The records underneath are to be printed in full and exactly, with no pictures carried over.
++++++++
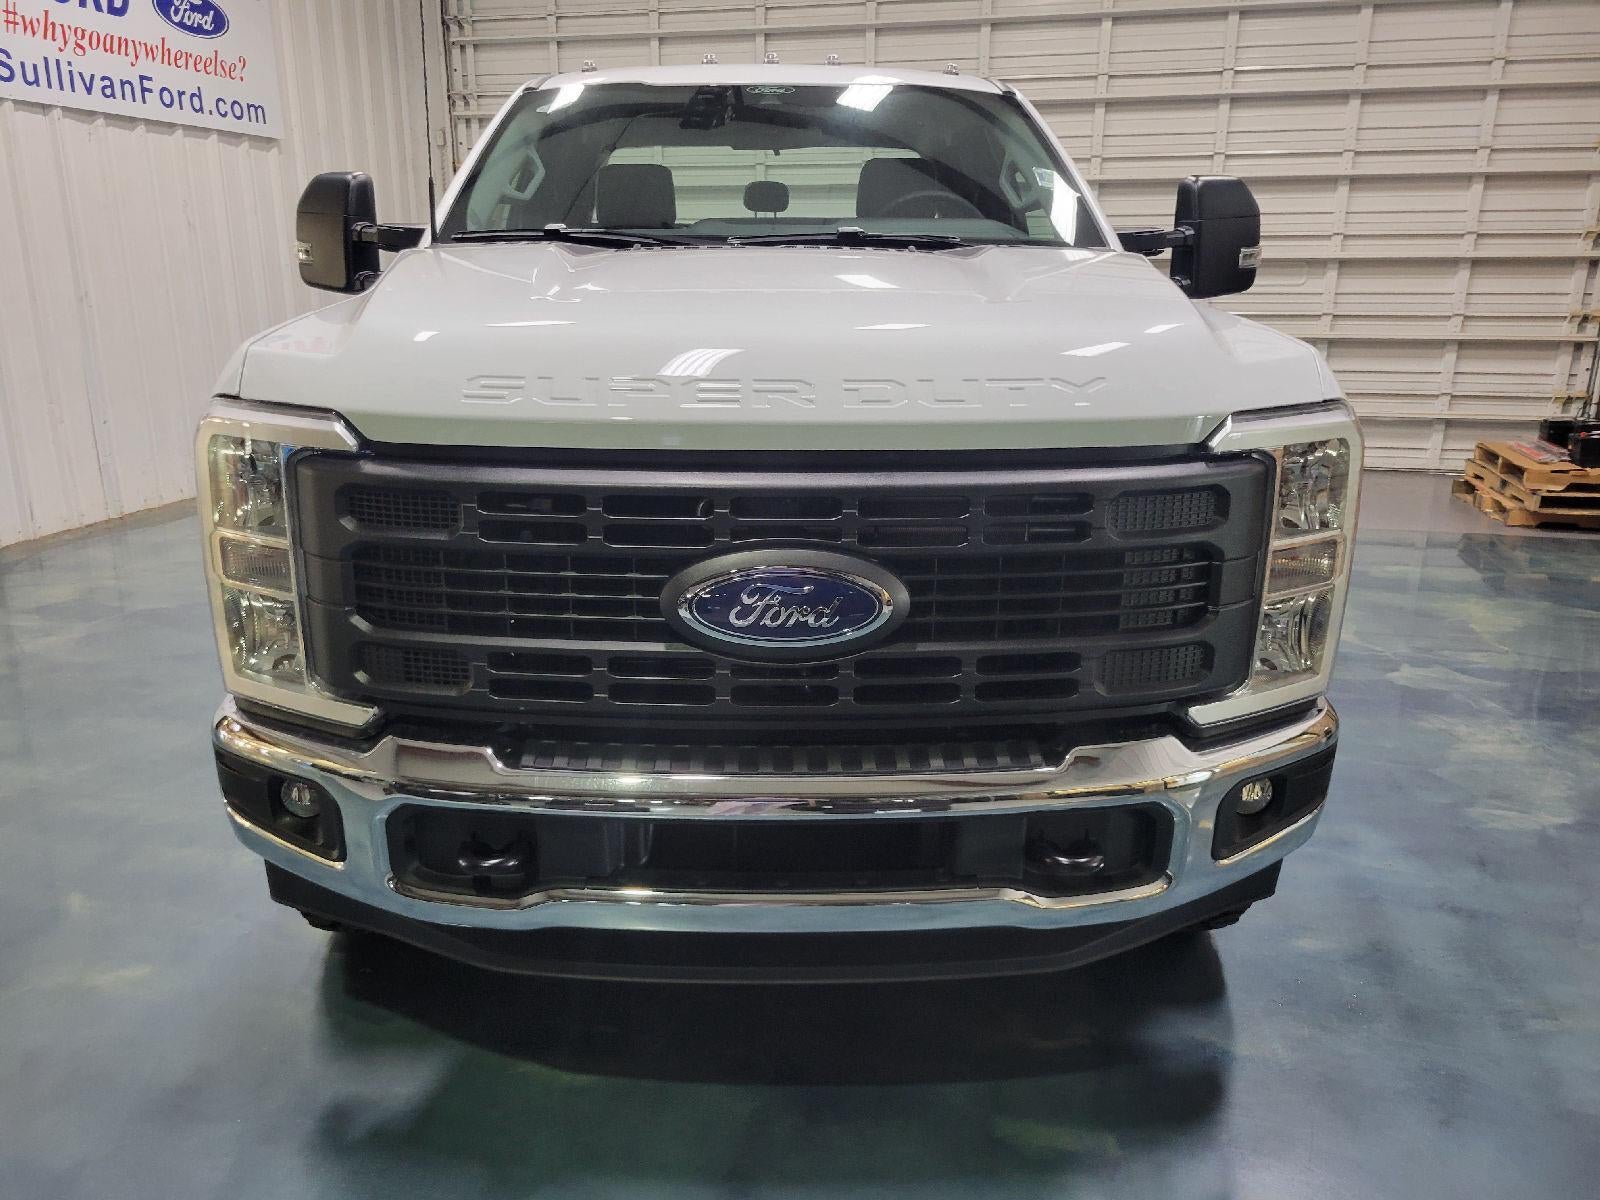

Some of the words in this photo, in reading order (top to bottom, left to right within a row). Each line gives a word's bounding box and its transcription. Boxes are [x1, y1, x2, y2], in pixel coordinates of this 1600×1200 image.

[169, 0, 216, 31] Ford
[2, 0, 247, 82] #whygoanywhereelse?
[0, 48, 267, 125] SullivanFord.com
[461, 375, 815, 408] SUPER
[842, 376, 1107, 408] DUTY
[729, 583, 843, 628] Ford
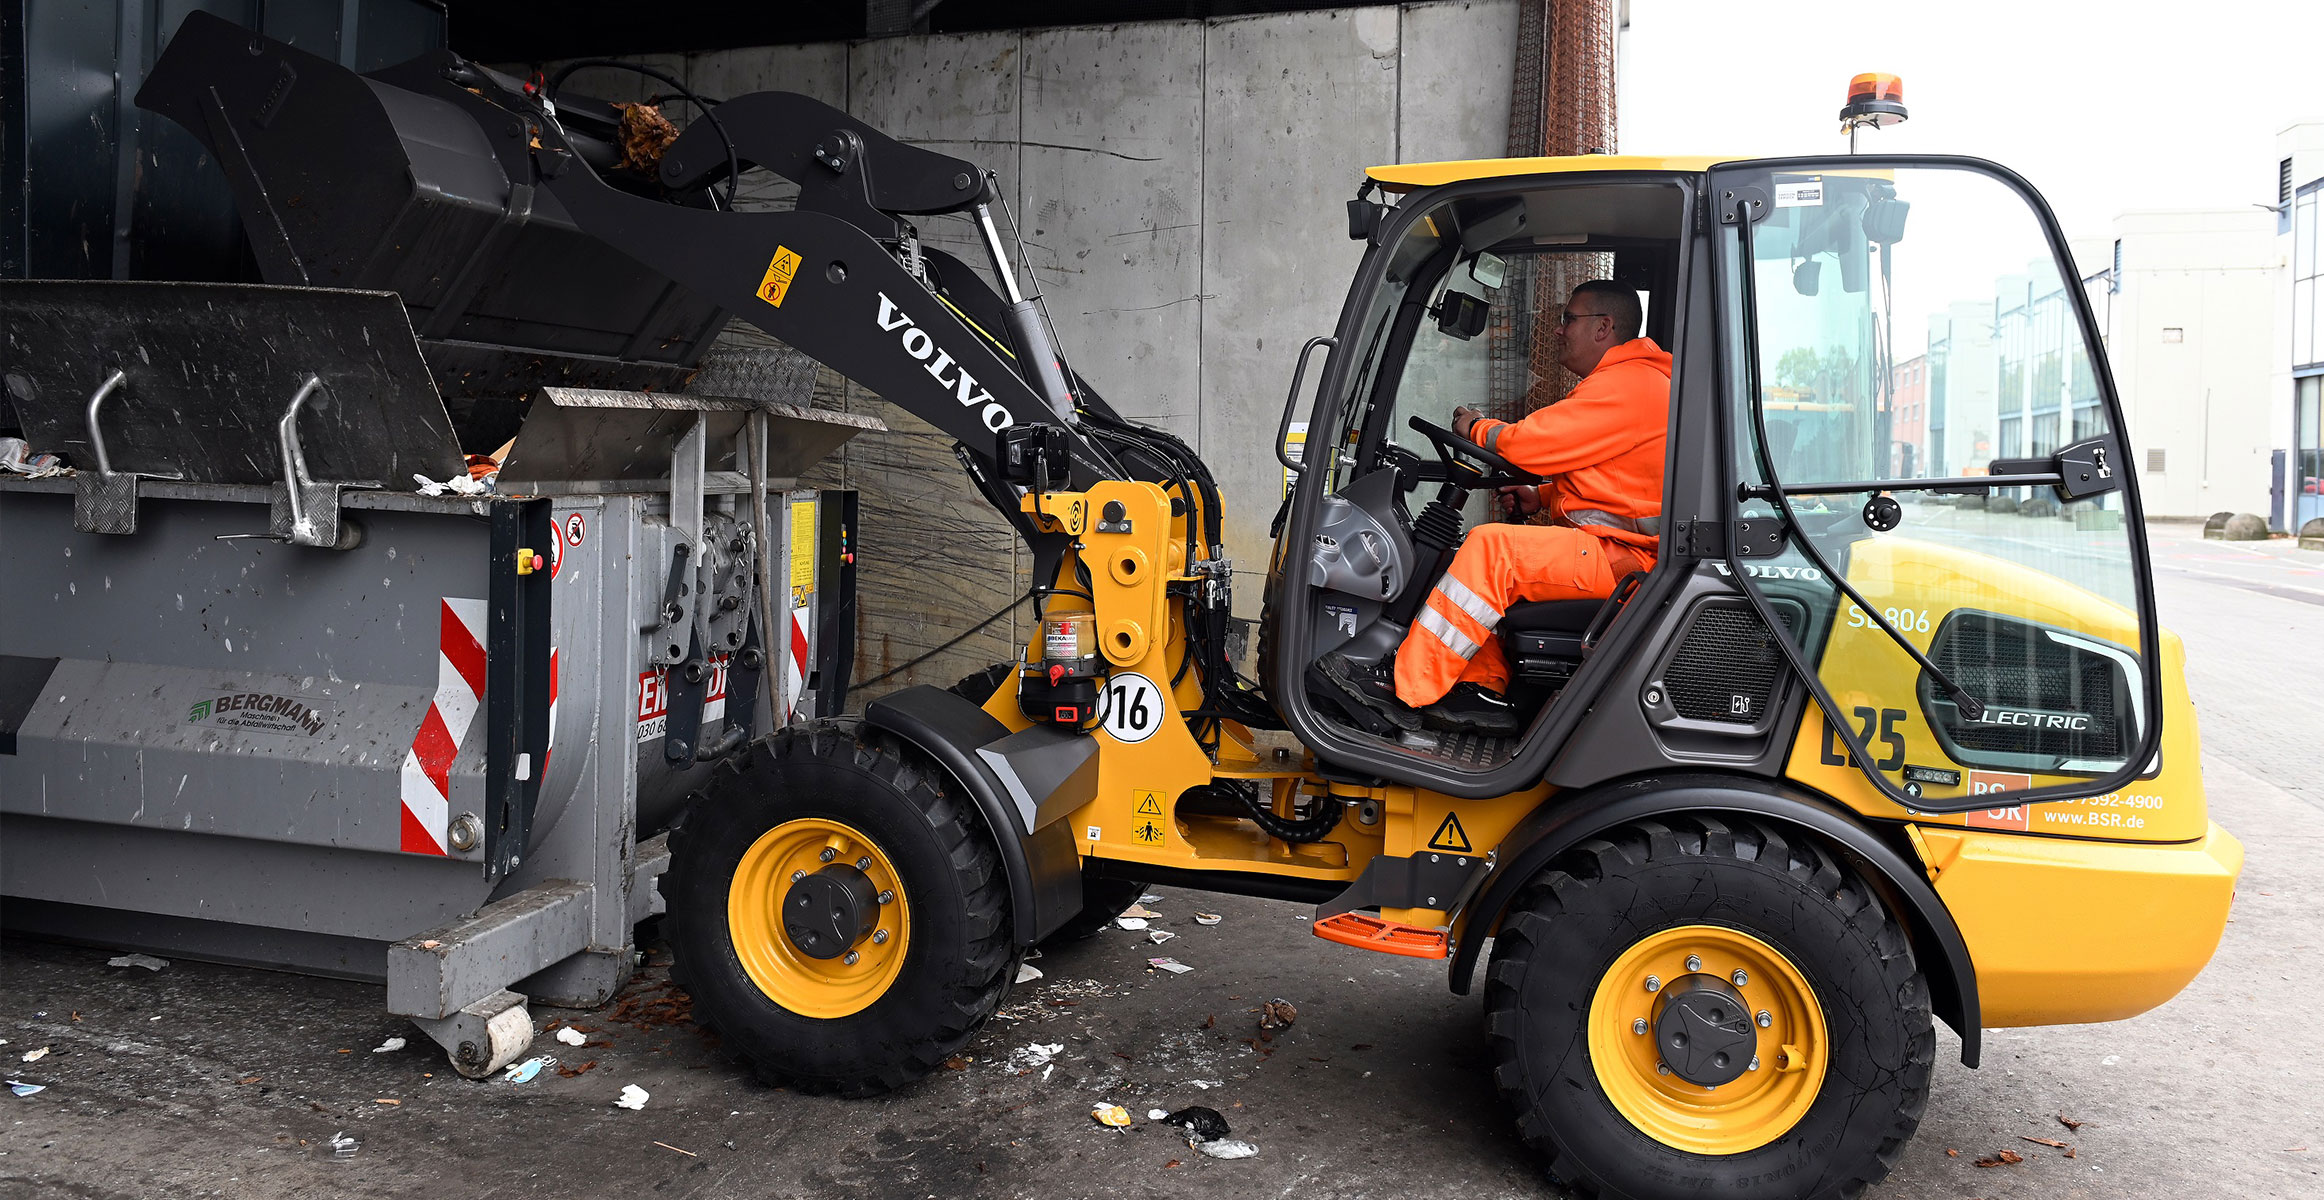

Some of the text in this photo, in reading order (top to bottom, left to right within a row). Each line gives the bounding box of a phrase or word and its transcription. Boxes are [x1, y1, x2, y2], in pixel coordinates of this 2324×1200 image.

[877, 291, 1014, 434] VOLVO
[215, 693, 325, 736] BERGMANN
[1113, 685, 1149, 731] 16
[1965, 710, 2088, 730] LECTRIC
[637, 721, 655, 739] 030
[2044, 811, 2145, 828] www.BSR.de
++++++++
#### Response area
Some of the words in this photo, in reading order (top to bottom, left to right within a row). Each line gives a word's bounding box and its transcription. Boxes are [x1, y1, x2, y2], in pixel coordinates of this 1600×1200 image.

[169, 0, 216, 31] Ford
[2, 0, 247, 82] #whygoanywhereelse?
[0, 48, 267, 125] SullivanFord.com
[461, 375, 815, 408] SUPER
[842, 376, 1107, 408] DUTY
[729, 583, 843, 628] Ford

Some of the text in this photo, in reading order (top to bottom, left to right within a row). Each line gives the bounding box of a phrase or word and its transcription. Boxes are [x1, y1, x2, y2], in pixel coordinates of this 2324×1200 image.

[877, 291, 1014, 434] VOLVO
[215, 693, 325, 736] BERGMANN
[1113, 685, 1149, 731] 16
[1965, 710, 2088, 730] LECTRIC
[637, 721, 655, 739] 030
[2044, 811, 2145, 828] www.BSR.de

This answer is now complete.